I have resolved the memory error. I misread the previous memory specification as 6000m (6 GB), but actually it was 60000m (60 GB). With this change, and specifying qnsize=10
, the training completes in 32 mins.
Performance on the training data (as a sanity check):
[main] INFO edu.stanford.nlp.ie.AbstractSequenceClassifier - CRFClassifier tagged 1847235 words in 1099 documents at 28082.02 words per second.
[main] INFO edu.stanford.nlp.ie.AbstractSequenceClassifier - Entity P R F1 TP FP FN
[main] INFO edu.stanford.nlp.ie.AbstractSequenceClassifier - Element 0.9783 0.9801 0.9792 10895 242 221
[main] INFO edu.stanford.nlp.ie.AbstractSequenceClassifier - Mineral 0.9967 0.9951 0.9959 8167 27 40
[main] INFO edu.stanford.nlp.ie.AbstractSequenceClassifier - Property 0.9785 0.9964 0.9874 25023 549 91
[main] INFO edu.stanford.nlp.ie.AbstractSequenceClassifier - Target 0.9911 0.9408 0.9653 1558 14 98
[main] INFO edu.stanford.nlp.ie.AbstractSequenceClassifier - Totals 0.9821 0.9902 0.9862 45643 832 450
Good news! I trained this model and saved it in
/proj/mte/trained_models/ner_MERA-property.ser.gz
After processing all 597 MER-A documents (PDF files corresponding to text files in /proj/mte/data/corpus-lpsc/mer-a-with-targets/
), we find 6 documents with relations found by jSRE. These are only "contains" relations. We will need to train a new jSRE model to be sensitive to "has_property" relations as well.
We also need to have more Target entities found by the NER model to enable better relation extraction.
Todo: Retrain NER MER-A model with better gazette using "salient target" list
I removed 37 Target names from the MER-A gazette and re-trained an NER model, then re-applied it to the MER documents.

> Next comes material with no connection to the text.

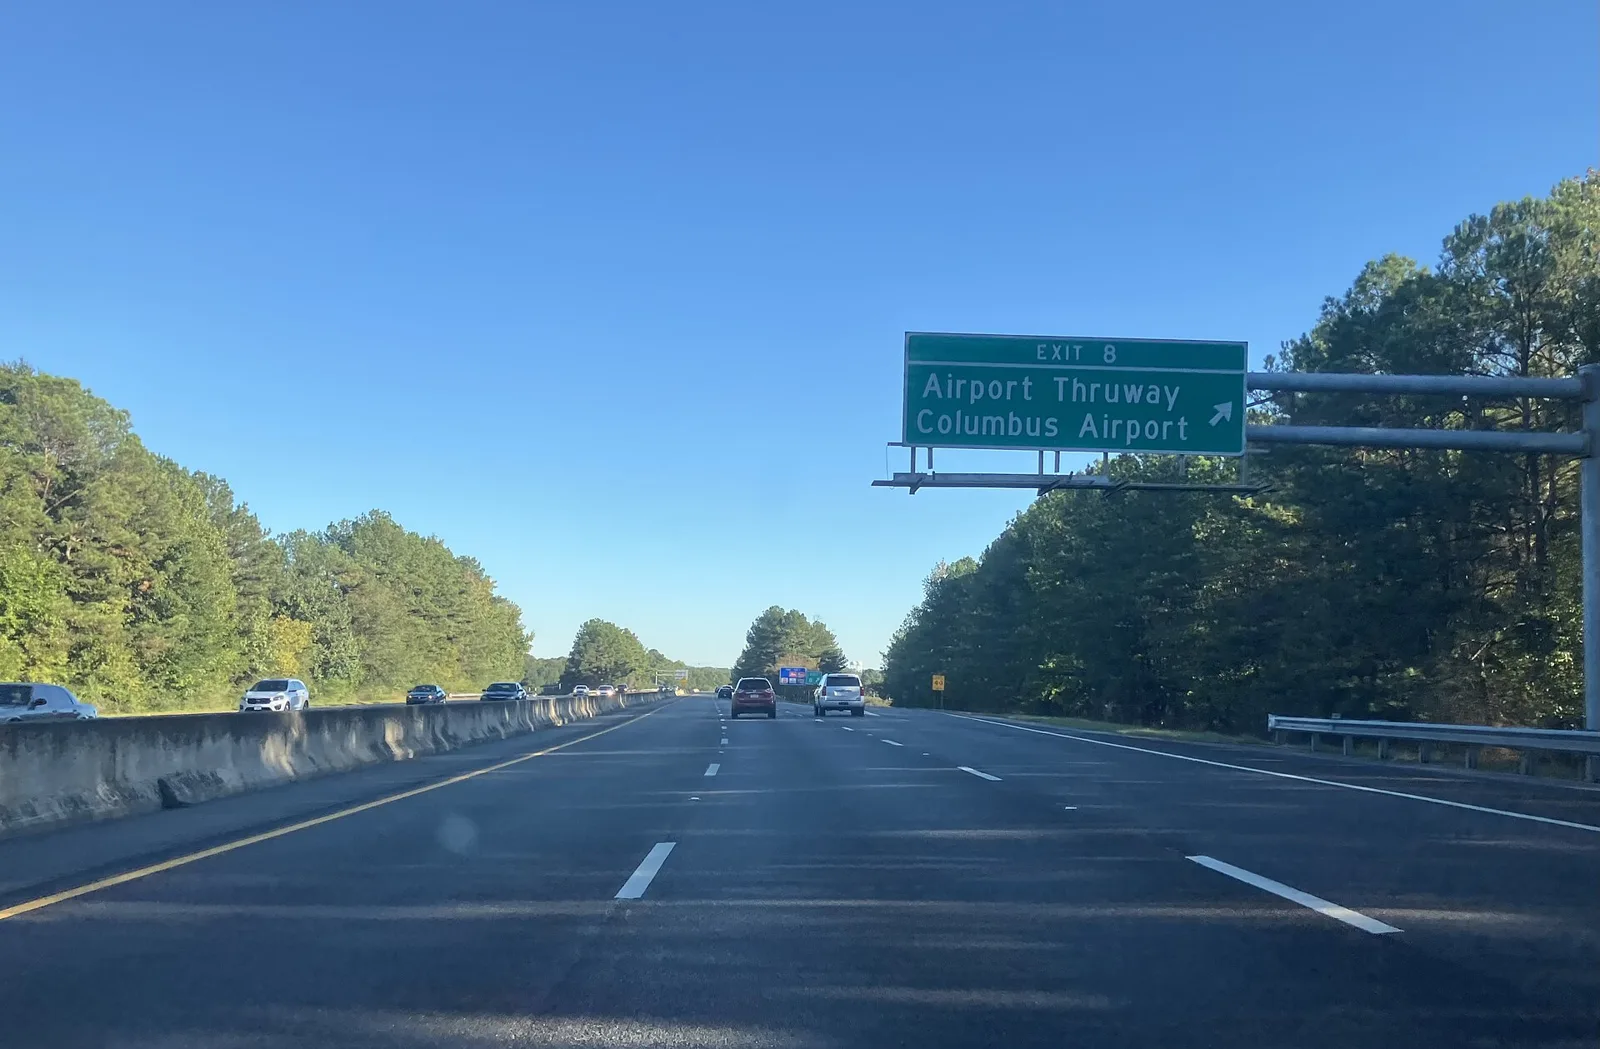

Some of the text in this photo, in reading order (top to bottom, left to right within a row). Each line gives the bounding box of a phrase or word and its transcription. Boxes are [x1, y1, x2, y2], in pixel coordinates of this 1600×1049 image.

Model | Element | Mineral | Target | Contains relation | Property | # docs with at least one target |
---|---|---|---|---|---|---|
Original NER | 4894 | 6877 | 60 (37 unique) | 10 | 12400 | 34 / 597 |
Salient target NER | 4893 | 6868 | 62 (38 unique) | 10 | 12401 | 34 / 597 |
There are some minor changes, but it does not solve the bigger problem (low recall of Targets), which affects downstream relation detection.
Given these limitations, we will explore gazette-based augmentation of Target annotations in issue #24 .
I trained a MER-B NER classifier using the same training docs (MPF+PHX+MSL) and the MER-B gazette. The (training) performance results for this model are similar to those achieved for MER-A:
[main] INFO edu.stanford.nlp.ie.AbstractSequenceClassifier - CRFClassifier tagged 1847235 words in 1099 documents at 25282.42 words per second.
[main] INFO edu.stanford.nlp.ie.AbstractSequenceClassifier - Entity P R F1 TP FP FN
[main] INFO edu.stanford.nlp.ie.AbstractSequenceClassifier - Element 0.9788 0.9801 0.9795 10895 236 221
[main] INFO edu.stanford.nlp.ie.AbstractSequenceClassifier - Mineral 0.9966 0.9951 0.9959 8167 28 40
[main] INFO edu.stanford.nlp.ie.AbstractSequenceClassifier - Property 0.9783 0.9964 0.9873 25023 555 91
[main] INFO edu.stanford.nlp.ie.AbstractSequenceClassifier - Target 0.9917 0.9414 0.9659 1559 13 97
[main] INFO edu.stanford.nlp.ie.AbstractSequenceClassifier - Totals 0.9821 0.9903 0.9862 45644 832 449
The MER-B NER model is available at /proj/mte/trained_models/ner_MERB-property.ser.gz
.
I re-trained the MER-A NER model after identifying 4 more target names to use in the gazette. It took 45 minutes to train the model. The results are very similar to the previous MER-A NER model, as expected. I copied this model to /proj/mte/trained_models/ner_MERA-property-salient.ser.gz
.
[main] INFO edu.stanford.nlp.ie.AbstractSequenceClassifier - CRFClassifier tagged 1847235 words in 1099 documents at 27344.57 words per second.
[main] INFO edu.stanford.nlp.ie.AbstractSequenceClassifier - Entity P R F1 TP FP FN
[main] INFO edu.stanford.nlp.ie.AbstractSequenceClassifier - Element 0.9784 0.9800 0.9792 10894 241 222
[main] INFO edu.stanford.nlp.ie.AbstractSequenceClassifier - Mineral 0.9967 0.9950 0.9959 8166 27 41
[main] INFO edu.stanford.nlp.ie.AbstractSequenceClassifier - Property 0.9785 0.9963 0.9873 25022 550 92
[main] INFO edu.stanford.nlp.ie.AbstractSequenceClassifier - Target 0.9911 0.9408 0.9653 1558 14 98
[main] INFO edu.stanford.nlp.ie.AbstractSequenceClassifier - Totals 0.9821 0.9902 0.9861 45640 832 453
The plan is to re-train the model using all available annotations (MSL, MPF, PHX).